Granada è una delle città più suggestive di tutta la Spagna, e non solo. Ricca di storia e leggende, essa è un vero e proprio gioiello dell’Andalusia. Se state facendo un bel viaggio on the road tra i pittoreschi colori andalusi, questa città sarà sicuramente tra le vostre mete predilette. Essa sorge lungo le falde della Sierra Morena, si estende tra gli alvei dei fiumi Darro e Genil e, storicamente parlando, fu la sede dell’ultimo regno arabo della penisola. Per questo la sua importanza è enorme e la sua struttura variegata. Suddivisa in tre quartieri, l’Albayzín, il Sacromonte e il Realejo, Granada custodisce al suo interno la splendida Alhambra, oltre ad un nucleo più moderno che va via via espandendosi attorno alle arterie della Gran Vía de Colón e Reyes Católicos.

COME ARRIVARE. Granada è collegata in maniera eccellente con tutta la Spagna. Se viaggiate in auto, tenete conto che essa è unita all’Andalusia settentrionale tramite la superstrada A-44 mentre la A-92 favorisce i collegamenti con Siviglia e Malaga.

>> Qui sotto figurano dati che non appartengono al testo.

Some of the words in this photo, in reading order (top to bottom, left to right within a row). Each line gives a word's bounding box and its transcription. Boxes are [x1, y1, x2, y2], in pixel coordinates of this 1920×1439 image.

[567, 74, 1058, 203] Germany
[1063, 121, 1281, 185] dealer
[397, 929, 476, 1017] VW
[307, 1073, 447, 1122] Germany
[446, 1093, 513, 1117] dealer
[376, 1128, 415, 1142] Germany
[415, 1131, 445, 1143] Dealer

La N-432, anche detta Ruta del Califato, unisce invece Granada a Cordoba. La città può esser raggiunta anche in aereo, considerando che a soli 17 chilometri dal centro sorge l’aeroporto Chauchina con voli regolari sui principali scali spagnoli. Anche i collegamenti autobus sono efficienti. Da Siviglia il pullman impiega circa 3 ore (servizio gestito da ASLA), ed i prezzi si aggirano sui 20-30 euro; da Cordoba qualcosa in più, come tempo, e i prezzi si aggirano sui 15-20 euro. Se vi trovate a Madrid, invece, potete pensare di prendere un volo interno oppure affidarvi ad un pullman che impiega intorno alle 5 ore (esistono diverse compagnie che effettuano il servizio, a prezzi più che accessibili, come Megabus, ASLA, EuroLines, OuiBus). Esiste anche la linea ferroviaria che collega le principali città spagnole, ma i prezzi salgono leggermente rispetto a quelli degli autobus.

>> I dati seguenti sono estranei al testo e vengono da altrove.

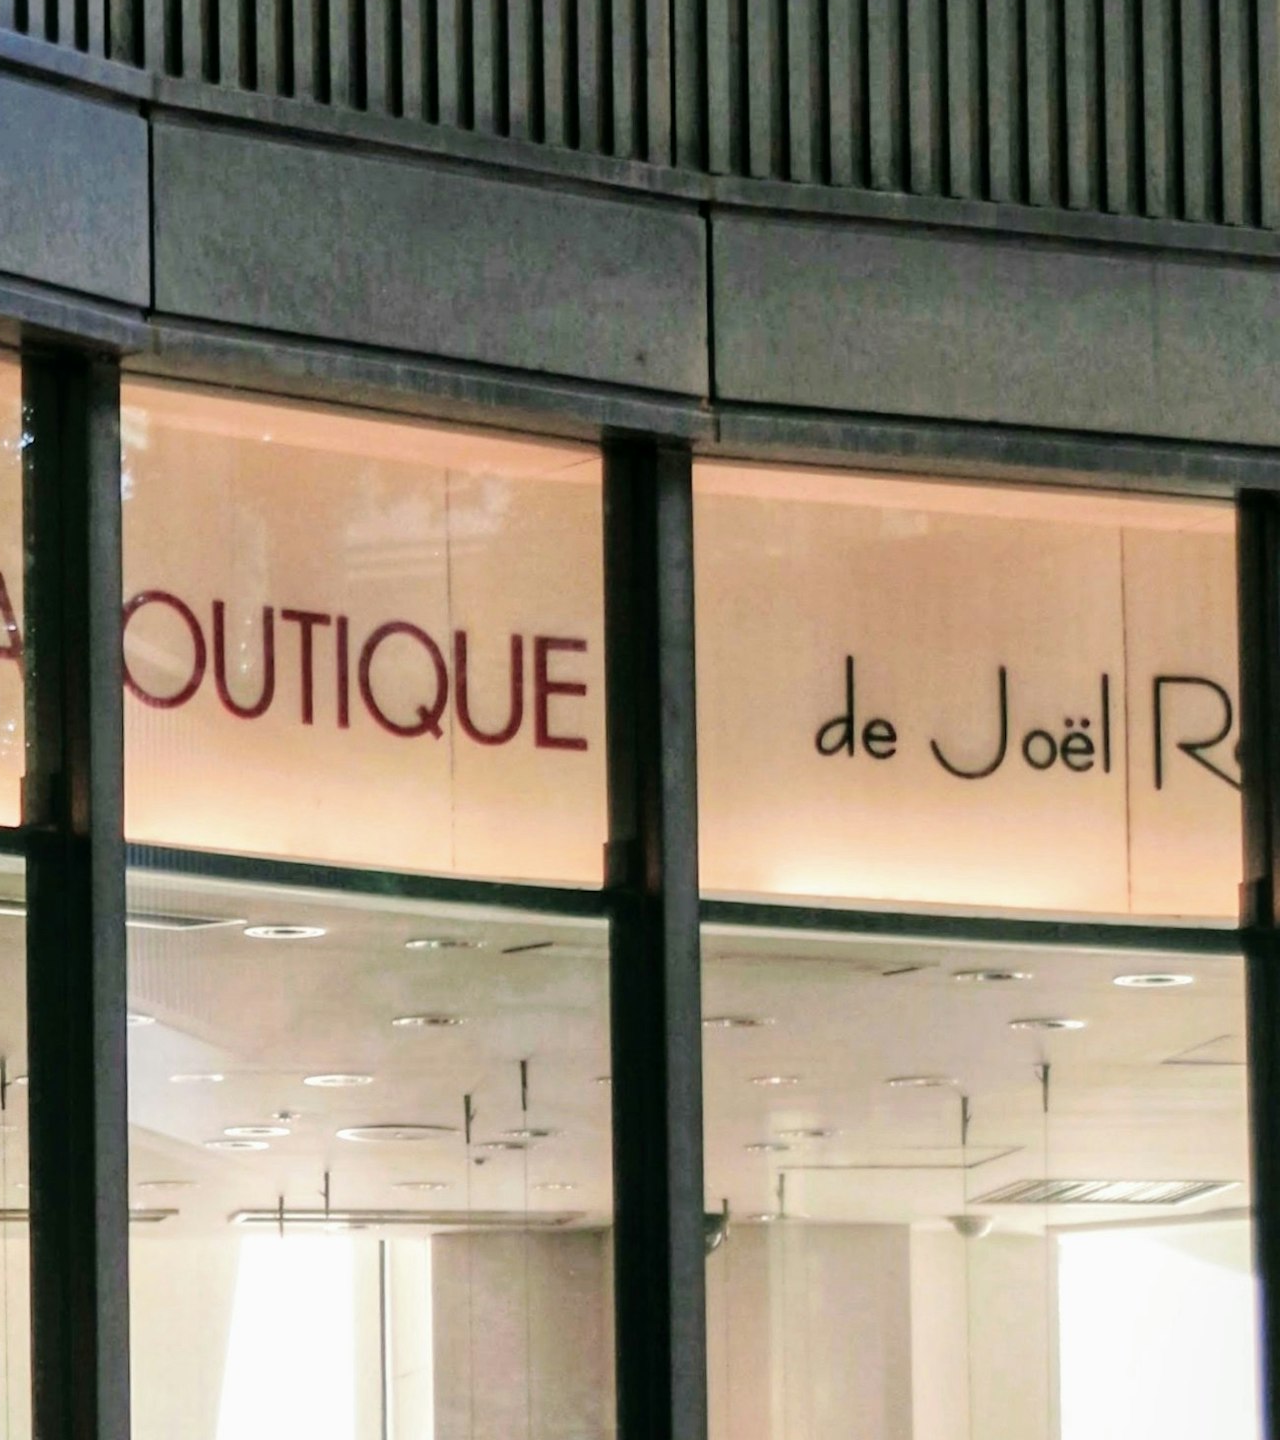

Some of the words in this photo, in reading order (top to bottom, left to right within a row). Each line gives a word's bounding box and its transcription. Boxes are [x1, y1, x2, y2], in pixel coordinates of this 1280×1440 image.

[122, 589, 589, 752] OUTIQUE
[815, 654, 898, 760] de
[929, 664, 1111, 780] Joël
[1153, 675, 1241, 793] R

LA STORIA. Una leggenda vuole che Granada sia stata fondata da una figlia di Noè, mentre un’altra attribuisce la sua fondazione a Granata, figlia di Ercole. Al di là dei miti, questa città fu un insediamento ibero e romano di primissimo piano, ancor prima che vi arrivassero i musulmani nel 711. Furono loro, una volta attraversato lo Stretto di Gibilterra, a fondare il Califfato di Cordoba per poi trasferire tutto, nel 1030, nella zona Elvira dell’Albayzín. Soltanto nel 1492 il re Boabdil si arrenderà ai re cattolici Isabella e Ferdinando, consegnando loro la città e suggellando la fine della Reconquista spagnola. Per tutto il periodo successivo, la popolazione musulmana cercò di convivere con quella cattolica che andava via via insediandosi. E’ questa l’era più florida di Granada, con la costruzione di monasteri, conventi e chiese. Vengono progettati parchi e giardini, mentre fiorisce la Gran Via de Colon con attorno bei palazzi in stile Liberty. La guerra civile detta un “alt” ad ogni tipo di prosperità, ed anche la città di Granada ne risente. Solo dopo il 1936, essa tornerà ad una lenta ripresa economica che, in breve, porterà al consolidamento della vita universitaria, sportiva e dinamica.

COME MUOVERSI. Granada è una città che può tranquillamente esser visitata a piedi, considerando che i principali monumenti non sono eccessivamente distanti gli uni dagli altri. Al di là di questo, esiste un servizio autobus e taxi molto efficiente, con fermate installate nei principali luoghi di interesse. Non abbiate paura di usufruire dei taxi poiché i prezzi non sono assolutamente alti e, anzi, talvolta si mantengono al di sotto delle tariffe di bus e pullman (soprattutto se siete un gruppetto e potete dividere le corse). Se la vostra intenzione è quella di vedere diversi monumenti e evitare le immense file, vi consiglio di optare per l’abbonamento turistico che potrete comprare nella biglietteria dell’Alhambra o nelle filiali della Caja de Granada (qui trovate tutte le info su prezzi e modalità). Questo vi permetterà di entrare nelle principali attrazioni (Alhambra, Cattedrale, Cappella Reale, Monastero Certosa, Parco di Jeronimo e altre) senza dover fare la fila. Inoltre avrete a disposizione l’entrata gratuita in diversi musei e 10 corse autobus.